Sonnenanbetung auf minimalem Raum
Was Berliner und Anwärter auf diese Bezeichnung nach langen Monaten der Dunkelheit und Kälte ausmacht, ist das konsequente in Beschlag nehmen minimaler Sonnen-Hotspots an Wochenenden. So auch an jenem Sonntag, der sich von seiner besten Seite zeigte und mit zweistelligen Temperaturen um sich warf. Was ich bereits ahnte, dessen sich mein Besuch allerdings nicht bewusst war: Das Flugfeld und seine Ausläufer waren voll, um nicht zu sagen – überfüllt. Spitzen-Idee sich an einem Sonntag, der es erlaubte mit Übergangsjacke herumzulaufen, Frühlingsgefühle inklusive, auf Berlins größte Freifläche zu wagen.
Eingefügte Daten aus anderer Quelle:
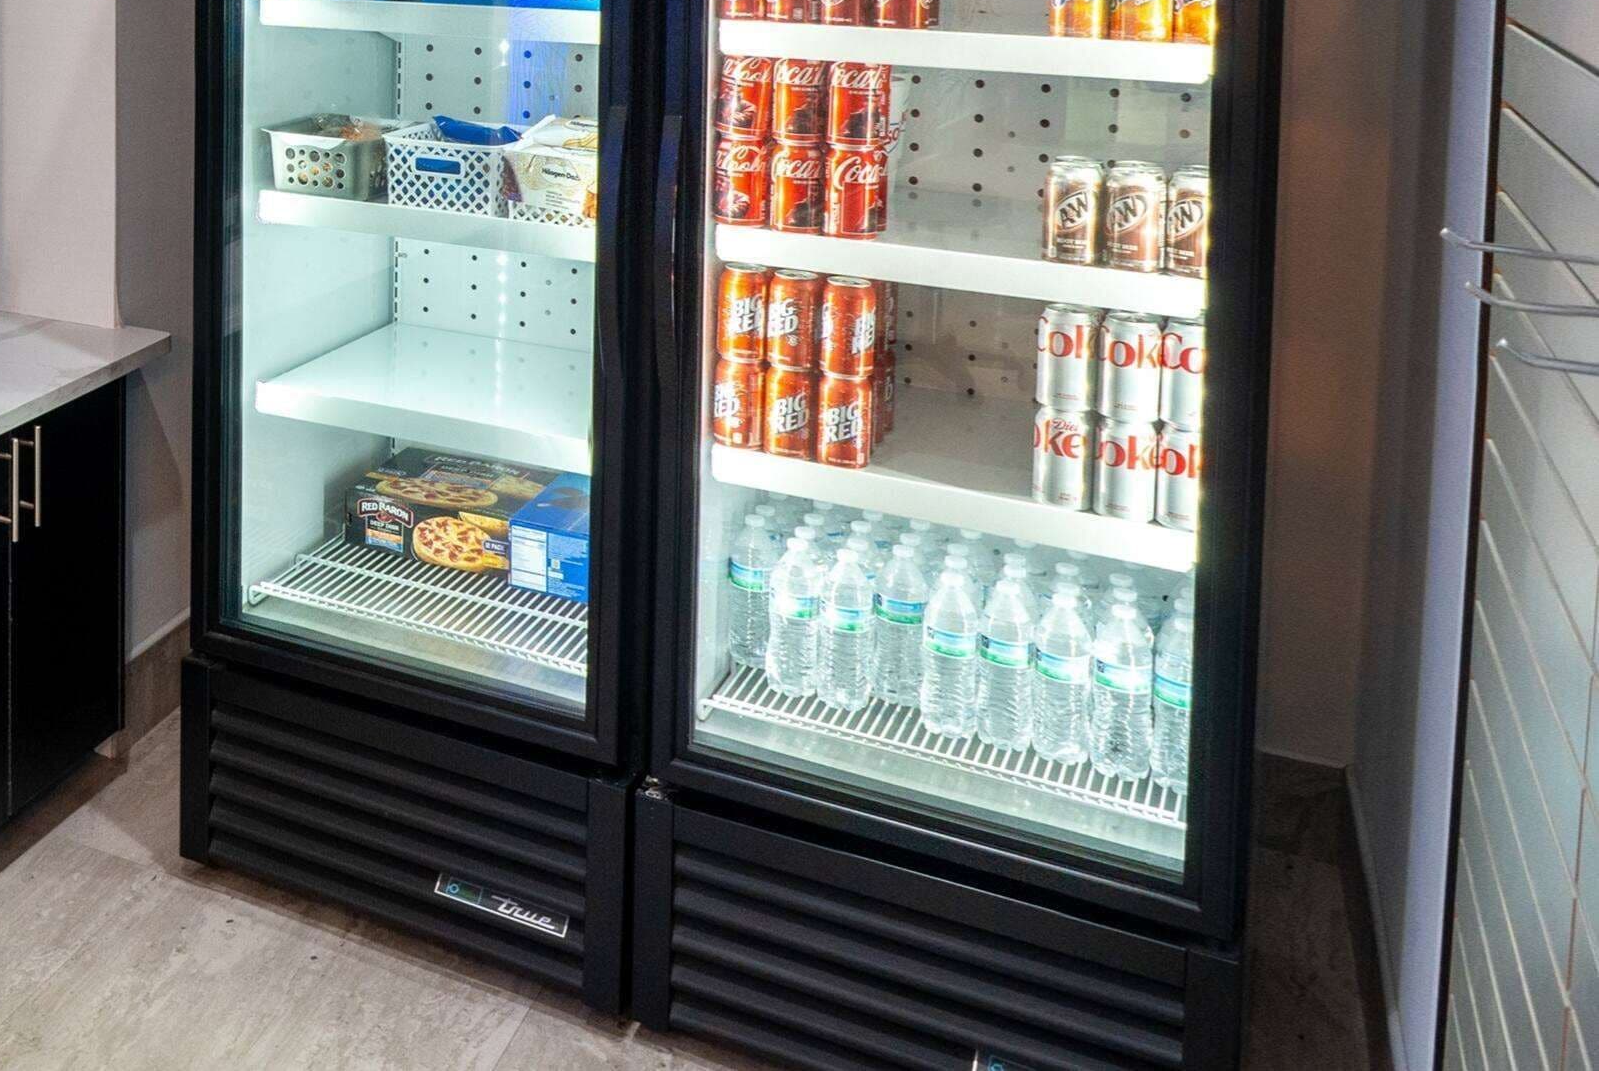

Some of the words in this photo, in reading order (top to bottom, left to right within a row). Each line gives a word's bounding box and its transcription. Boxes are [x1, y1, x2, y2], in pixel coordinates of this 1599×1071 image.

[1162, 332, 1205, 374] Co
[776, 392, 806, 413] BIG
[826, 400, 861, 422] BIG
[774, 409, 809, 434] RED
[825, 419, 863, 443] RED
[361, 501, 378, 512] RED
[378, 501, 409, 521] BARON
Den Frühling verbinde ich ja gerne mit frischen Farben und einem Lächeln im Gesicht. Zwischen Hermannstr. und Oderstraße jedoch schlichen schwarze Gestalten mit tief ins Gesicht gezogenen Sonnenbrillen an uns vorbei. Bezeichnend war: Mindestens jeder dritte von ihnen hatte ein Wegbier in der Hand. Ich fragte mich, ob das noch ein Überbleibsel des Clubs war, aus denen sich die schwarzen Kreaturen soeben geschält hatten oder das Konterbier. Aufgrund der Sonnenbrillen konnte ich leider nicht erkennen, ob die massiv zur Schau getragene Coolness und Gleichgültigkeit ein Probelauf für die Berghain-Schlange war oder eben aus dieser resultierte.
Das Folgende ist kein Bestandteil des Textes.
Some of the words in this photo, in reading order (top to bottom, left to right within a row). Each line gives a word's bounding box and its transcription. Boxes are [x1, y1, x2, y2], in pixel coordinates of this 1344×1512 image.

Hohe Dichte an Tinder-Nieten
Leider bedeutet Neukölln für mich inzwischen auch das Überwinden eines Hindernisparcours. Wer mich kennt, weiß, dass ich nichts mehr hasse, als Small Talk. Nun ist es in der Tat so, dass Neukölln gepflastert ist, mit, nun ja, einer gewissen Anzahl von vergangenen und verdrängten Tinder-Dates. Zwar sind sie inzwischen aus meinem Leben und Telefonbuch gelöscht, was aber nicht heißt, dass Murphy mal wieder seine aktive Phase hat und mich mit eben jenen aufeinanderprallen lässt. So lief ich also im Windschatten meines Leipziger Besuchs in der Hoffnung, bloß nicht auf jemanden zu treffen, den ich kenne. Glücklicherweise zeigte mein Besuch vollstes Verständnis und fungierte als Bodyguard, während ich mit nach unten gerichtetem Blick ganz Promi-like die Massen ignorierte. Blöderweise ohne Sonnenbrille.
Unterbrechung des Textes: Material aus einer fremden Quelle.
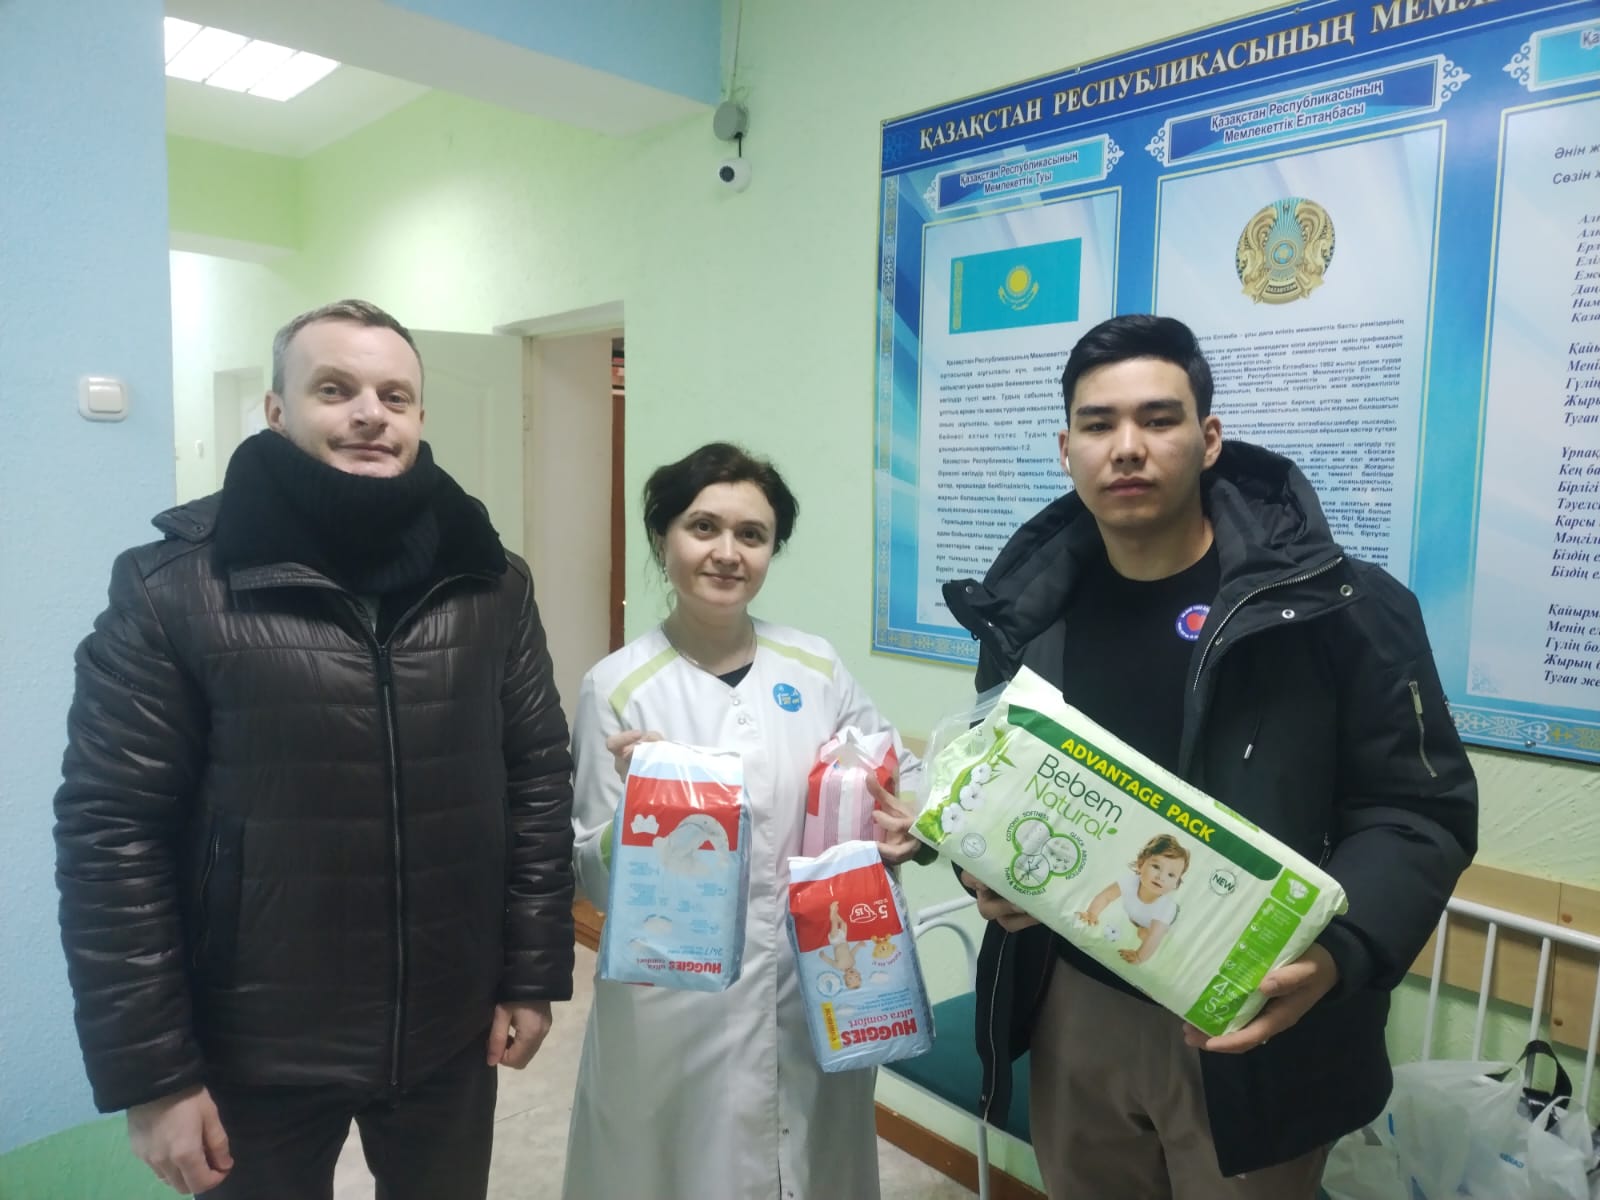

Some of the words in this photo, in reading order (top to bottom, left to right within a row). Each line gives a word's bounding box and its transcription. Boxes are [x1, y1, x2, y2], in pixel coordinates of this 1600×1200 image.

[919, 97, 1042, 151] ҚАЗАҚСТАН
[1053, 12, 1356, 116] РЕСПУБЛИКАСЫНЫҢ
[1212, 108, 1266, 131] Қазақстан
[1269, 80, 1384, 117] Республикасының
[1224, 121, 1294, 143] Мемлекеттік
[1296, 102, 1365, 128] Елтаңбасы
[1037, 753, 1123, 824] Bebem
[1060, 737, 1164, 810] ADVANTAGE
[1166, 803, 1216, 843] PACK
[1024, 774, 1102, 841] Natural
[1212, 872, 1236, 892] NEW
[878, 904, 888, 919] 5
[668, 961, 722, 974] HUGGIES
[1212, 981, 1230, 997] 4
[847, 1012, 889, 1028] comfort
[893, 1008, 914, 1022] ultra
[840, 1017, 918, 1048] HUGGIES
Ach Neukölln, wir hatten eine ganz gute Zeit. Ich denke gerne zurück an jene Zeiten, in denen meine beste Freundin und ich uns die Weserstraße auf und ab betranken. Ich hatte zahlreiche besagte Tinder-Dates in diesem Bezirk und machte auf dem Flugfeld meine ersten zaghaften Versuche auf dem Longboard. Was also hat sich verändert? Zu grübeln begann ich, als meine beste Freundin und ich letztens mal wieder losziehen wollten. Ihr Wunsch „Aber lass uns diesmal nicht nach Neukölln“ endete schlussendlich damit, dass wir an einem Samstagabend in Jogginghose daheimblieben, auf meinem Bett lagen und ungeschminkt und unfrisiert die Primetime analysierten. Ja, mit Mitte 30 überlege ich mir jetzt dreimal, ob ich die U8 einmal komplett mit allem mitnehme, zwischen spanischen Erasmus-Studenten und aufgeregten Hipstern mein Bier trinke und um Hundekot Slalom laufen muss. Zum Teil habe ich dieses Entertainment auch bei mir im Wedding. Nur der Weg ist kürzer.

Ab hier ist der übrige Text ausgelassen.